• _Required work_: The records are to be repeated exactly, and any images in them are to be dropped.

━━━━━ Source records

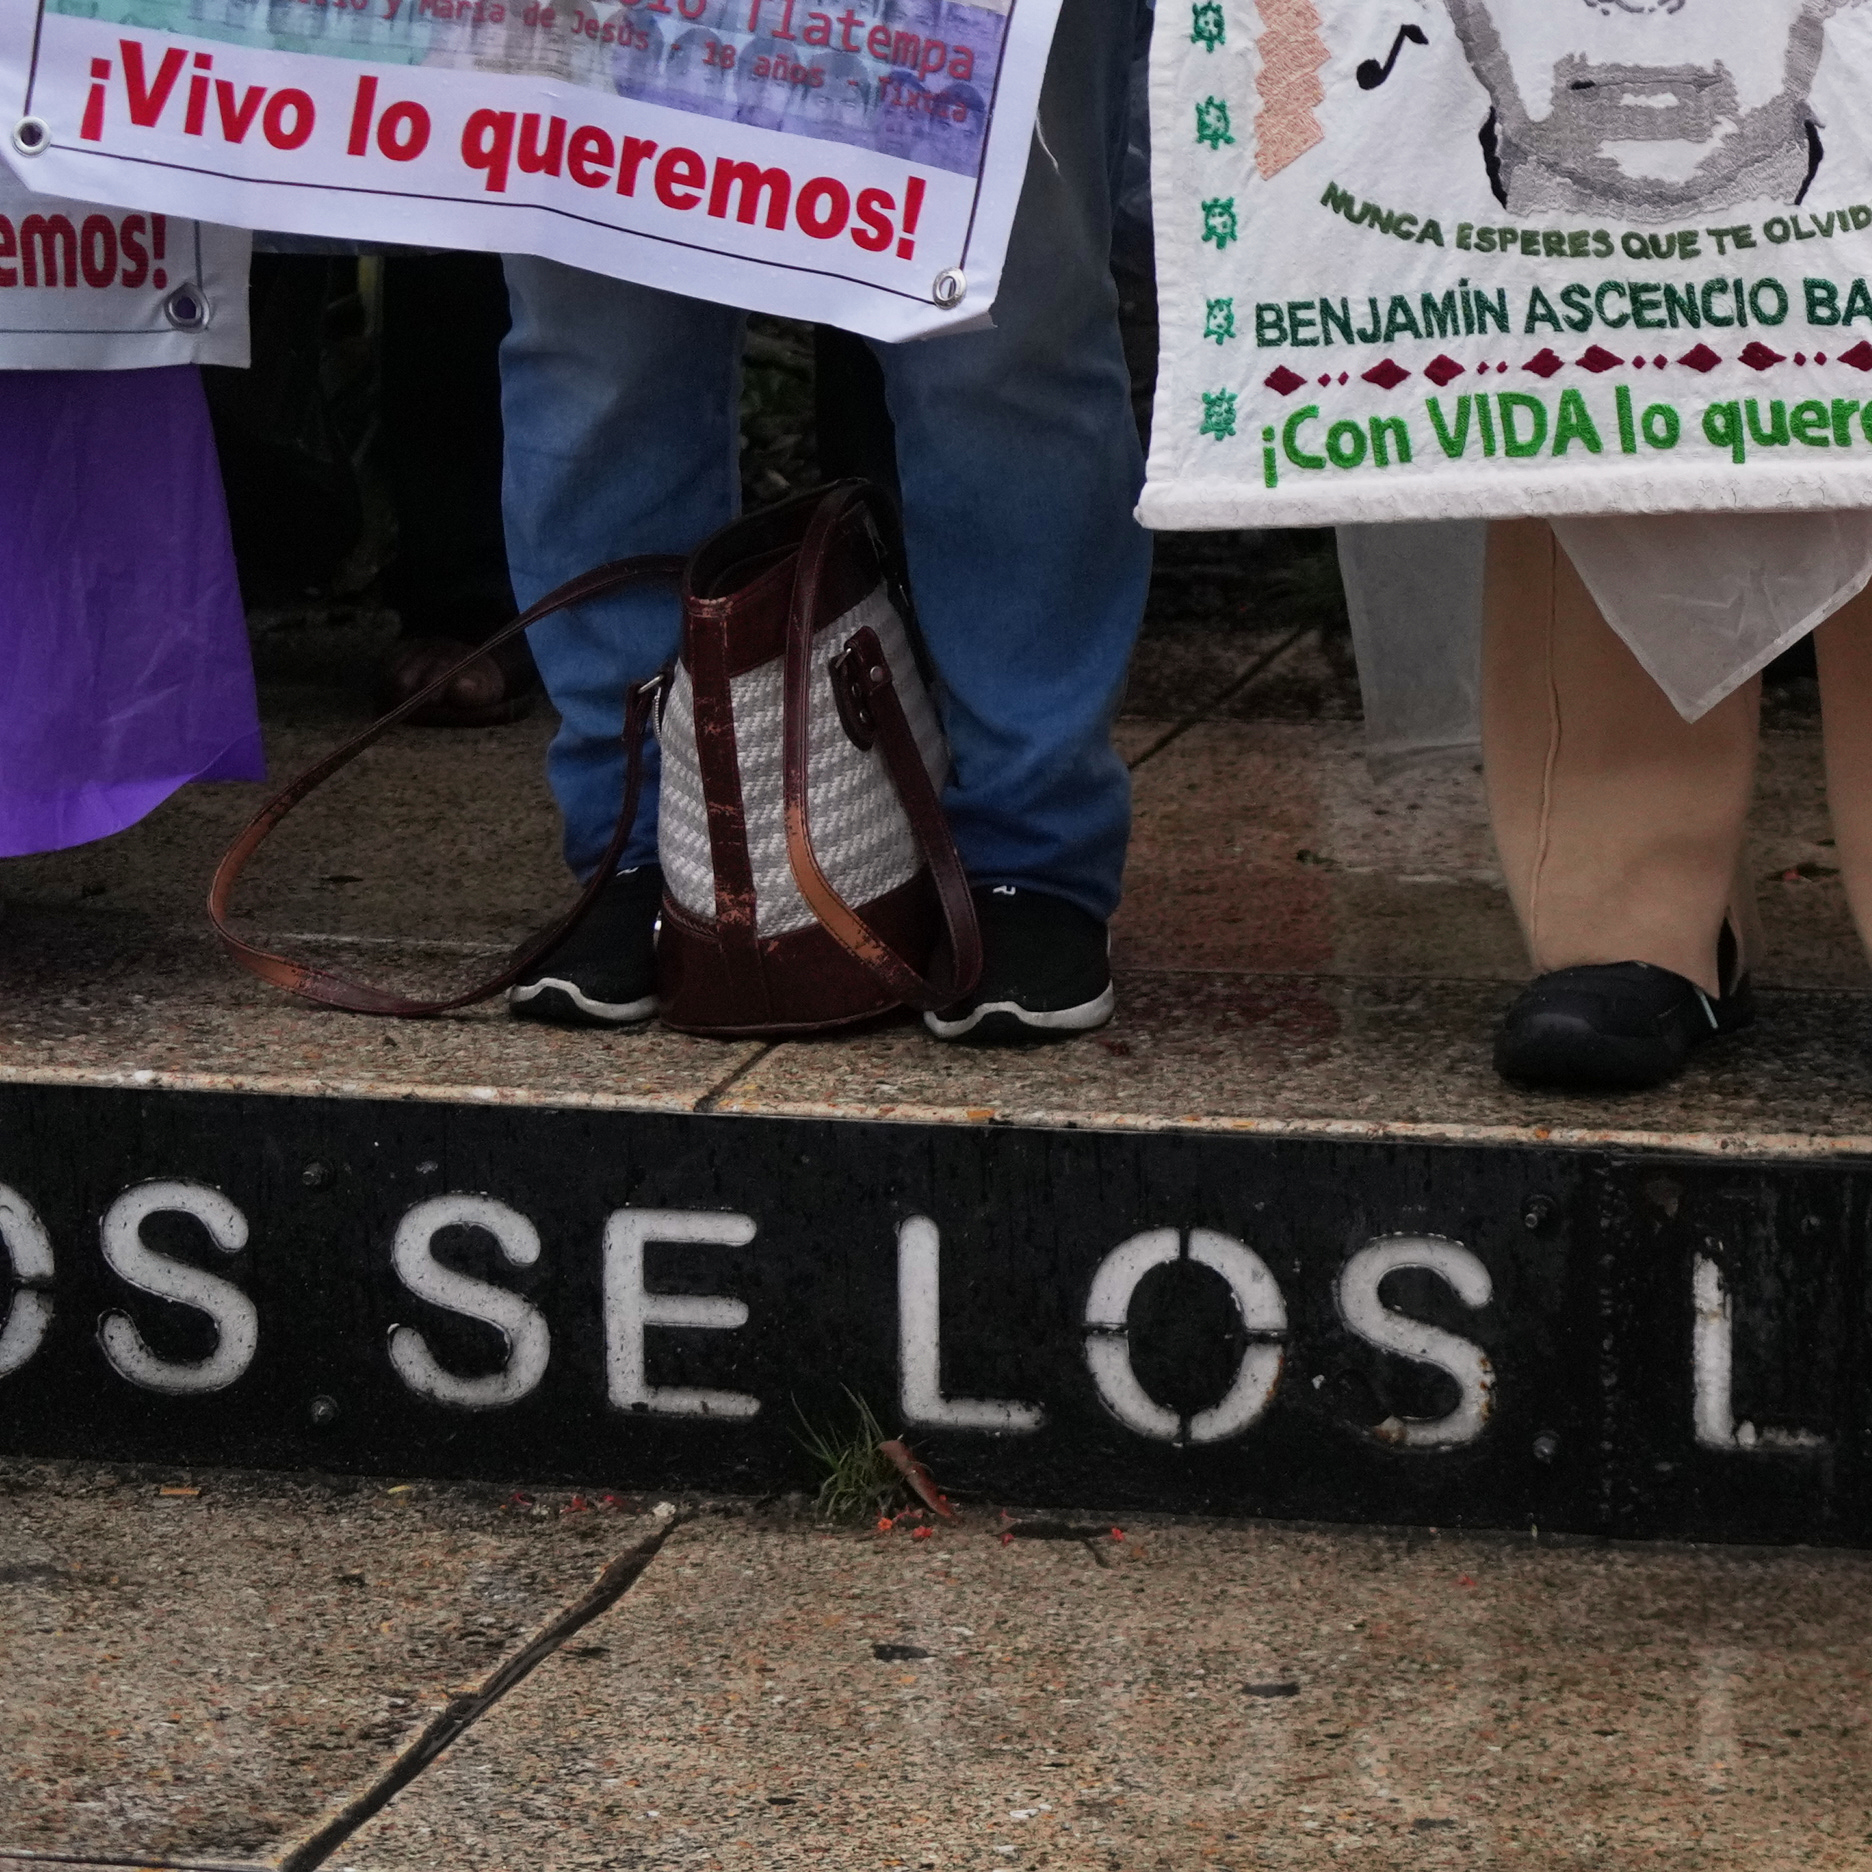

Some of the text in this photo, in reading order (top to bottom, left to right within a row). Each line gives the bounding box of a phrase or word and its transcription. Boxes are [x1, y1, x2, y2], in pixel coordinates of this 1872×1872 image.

[570, 8, 650, 52] Jesús
[702, 39, 736, 70] 18
[753, 51, 825, 88] años
[80, 38, 928, 261] ¡Vivo lo queremos!
[1320, 180, 1445, 248] NUNCA
[1456, 221, 1616, 259] ESPERES
[1621, 228, 1702, 260] QUE
[1706, 224, 1757, 256] TE
[1255, 277, 1510, 347] BENJAMÍN
[1524, 277, 1789, 335] ASCENCIO
[1261, 404, 1413, 488] ¡Con
[1424, 388, 1603, 458] VIDA
[1615, 384, 1682, 455] lo
[388, 1190, 761, 1416] SE
[898, 1214, 1496, 1450] LOS
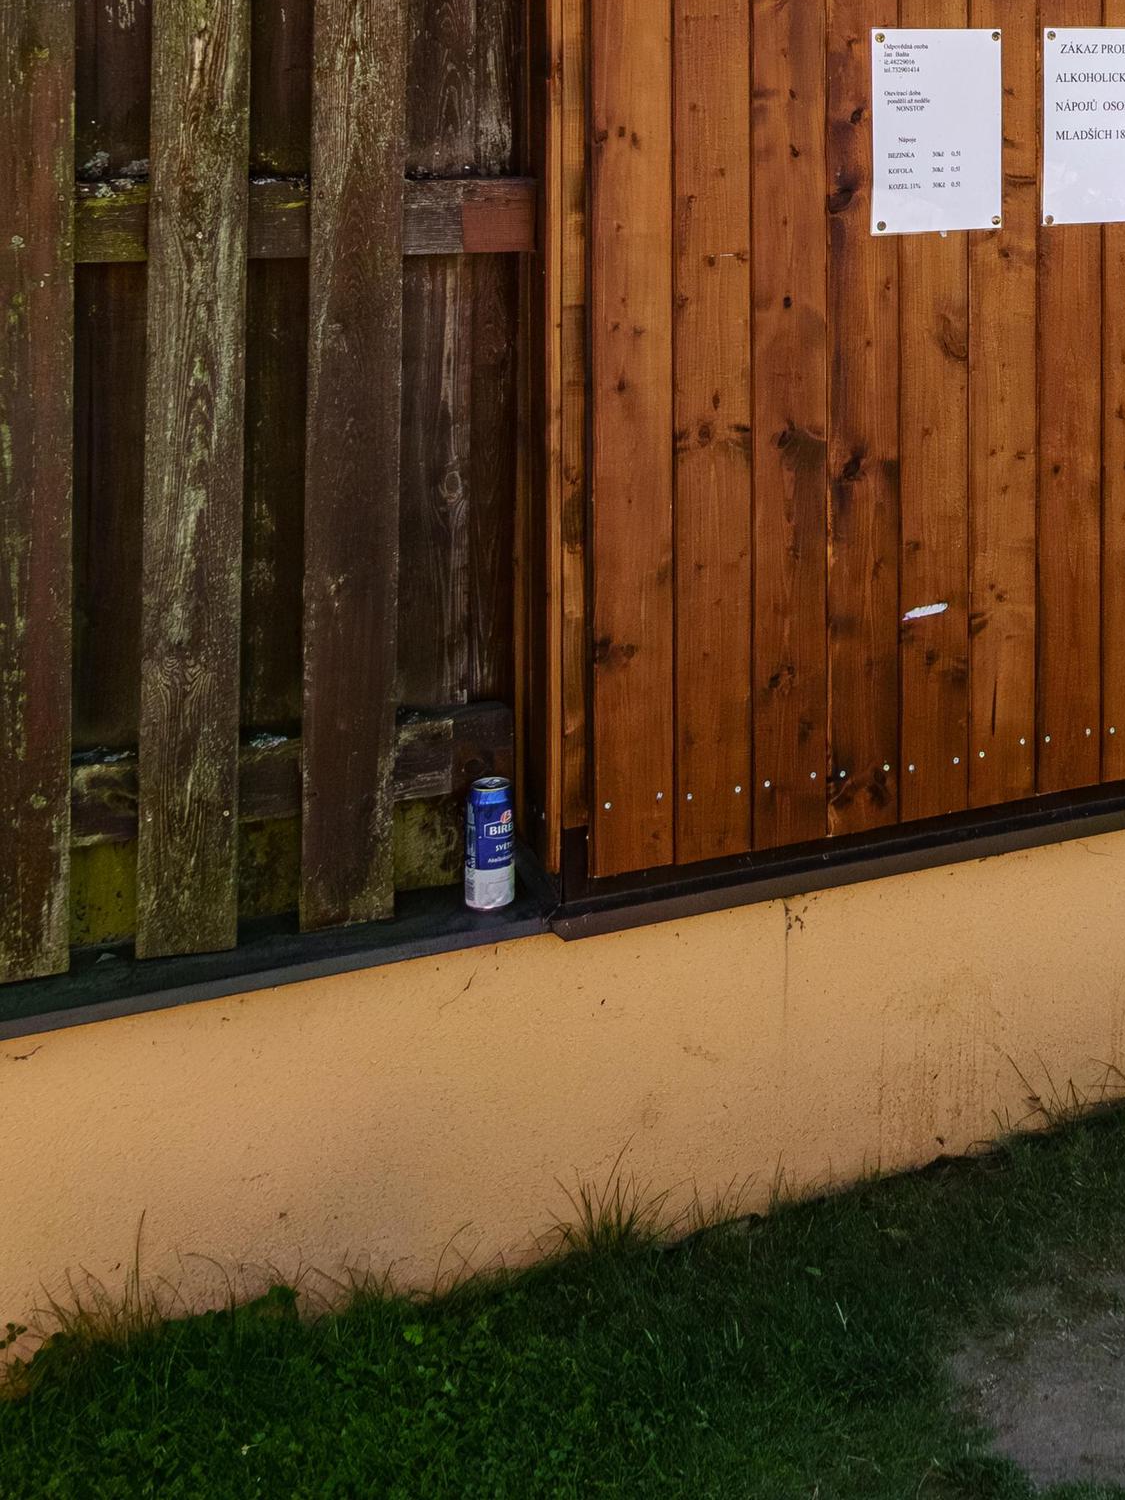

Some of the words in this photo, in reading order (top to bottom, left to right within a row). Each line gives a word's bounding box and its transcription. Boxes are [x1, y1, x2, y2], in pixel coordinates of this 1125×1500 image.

━━━━━━━━━━

• _Exercise solution_:
Some of the text in this photo, in reading order (top to bottom, left to right within a row). Each line gives the bounding box of a phrase or word and its transcription. Boxes are [x1, y1, x2, y2], in pixel coordinates of this 1872×1872 image.

[570, 8, 650, 52] Jesús
[702, 39, 736, 70] 18
[753, 51, 825, 88] años
[80, 38, 928, 261] ¡Vivo lo queremos!
[1320, 180, 1445, 248] NUNCA
[1456, 221, 1616, 259] ESPERES
[1621, 228, 1702, 260] QUE
[1706, 224, 1757, 256] TE
[1255, 277, 1510, 347] BENJAMÍN
[1524, 277, 1789, 335] ASCENCIO
[1261, 404, 1413, 488] ¡Con
[1424, 388, 1603, 458] VIDA
[1615, 384, 1682, 455] lo
[388, 1190, 761, 1416] SE
[898, 1214, 1496, 1450] LOS

Some of the words in this photo, in reading order (top to bottom, left to right within a row). Each line gives a word's bounding box and its transcription. Boxes are [x1, y1, x2, y2], in pixel coordinates of this 1125×1500 image.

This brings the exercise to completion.